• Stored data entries

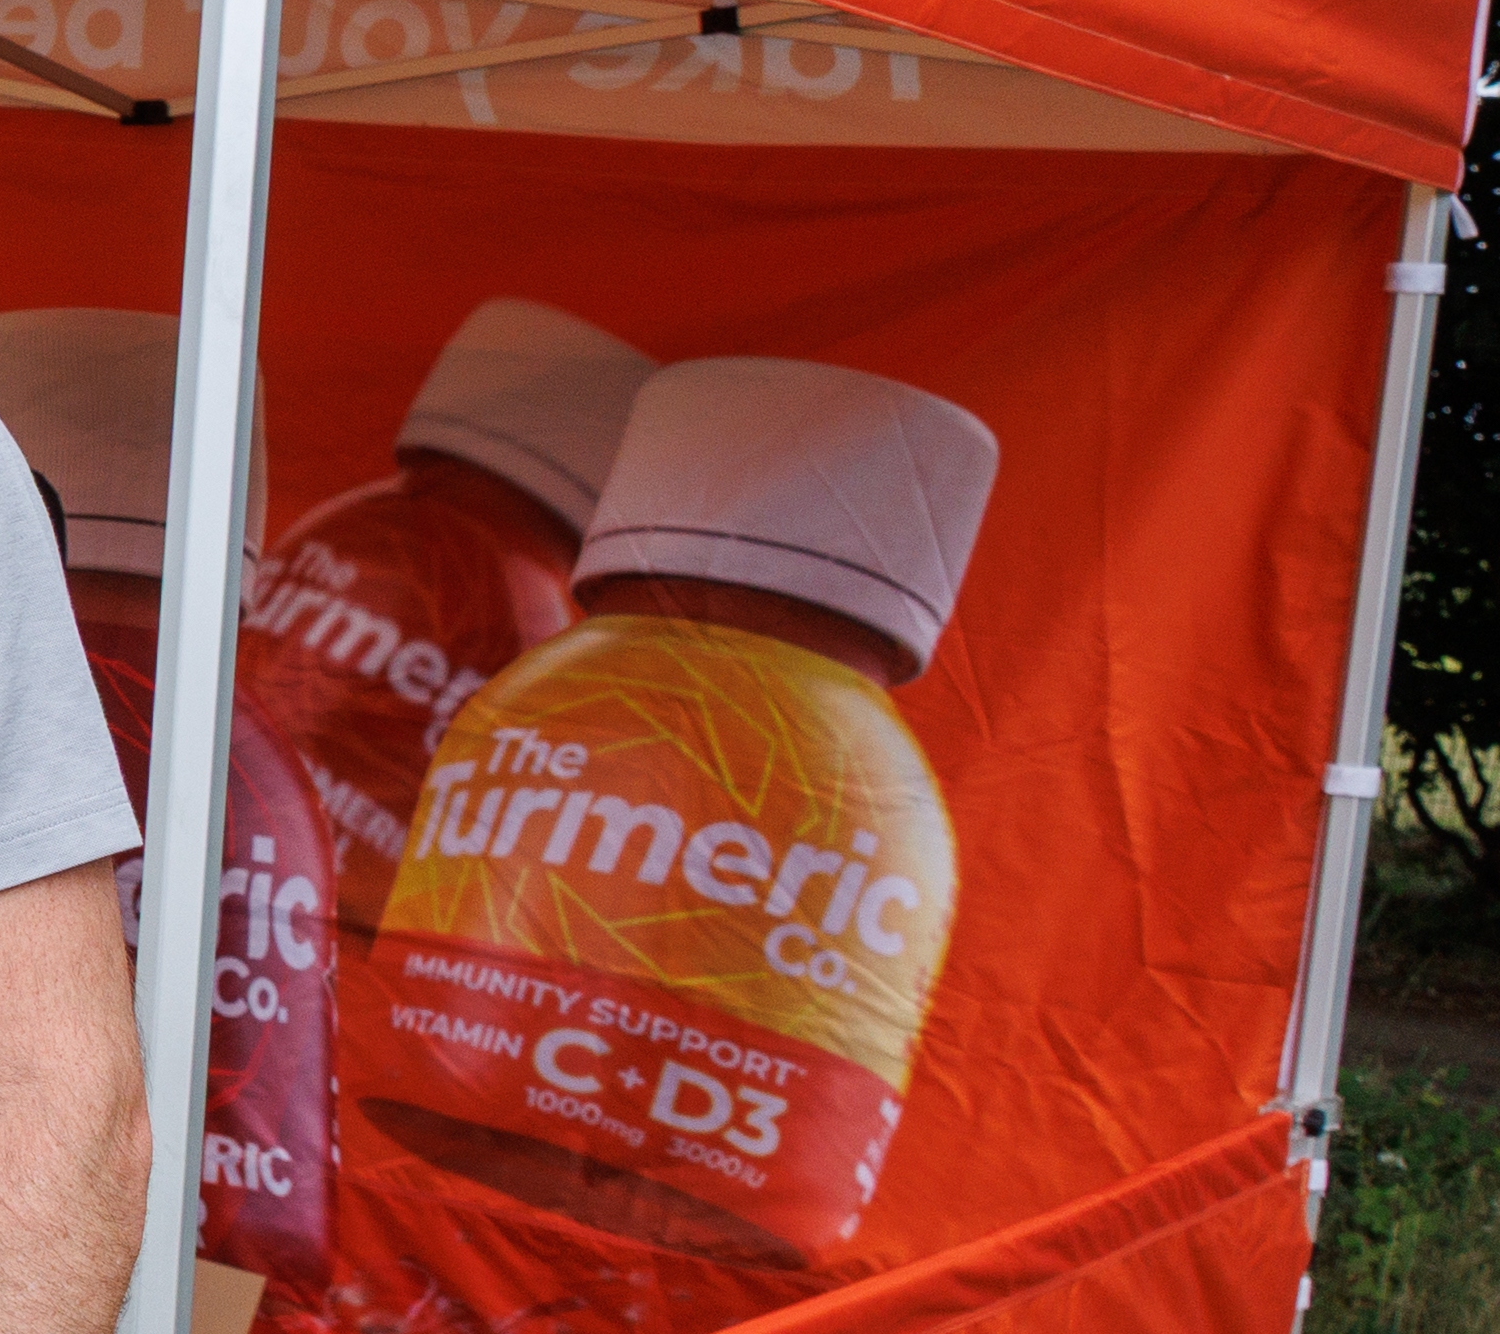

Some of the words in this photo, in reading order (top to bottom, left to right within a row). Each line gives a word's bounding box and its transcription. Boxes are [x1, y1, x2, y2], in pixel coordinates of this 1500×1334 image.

[486, 727, 589, 779] The
[415, 759, 921, 957] Turmeric
[212, 956, 289, 1024] Co.
[402, 953, 583, 1015] IMMUNITY
[763, 921, 857, 996] Co.
[390, 1003, 525, 1060] VITAMIN

• Work to complete
Without any pictures, retype the records above exactly.

• Solution
Some of the words in this photo, in reading order (top to bottom, left to right within a row). Each line gives a word's bounding box and its transcription. Boxes are [x1, y1, x2, y2], in pixel coordinates of this 1500×1334 image.

[486, 727, 589, 779] The
[415, 759, 921, 957] Turmeric
[212, 956, 289, 1024] Co.
[402, 953, 583, 1015] IMMUNITY
[763, 921, 857, 996] Co.
[390, 1003, 525, 1060] VITAMIN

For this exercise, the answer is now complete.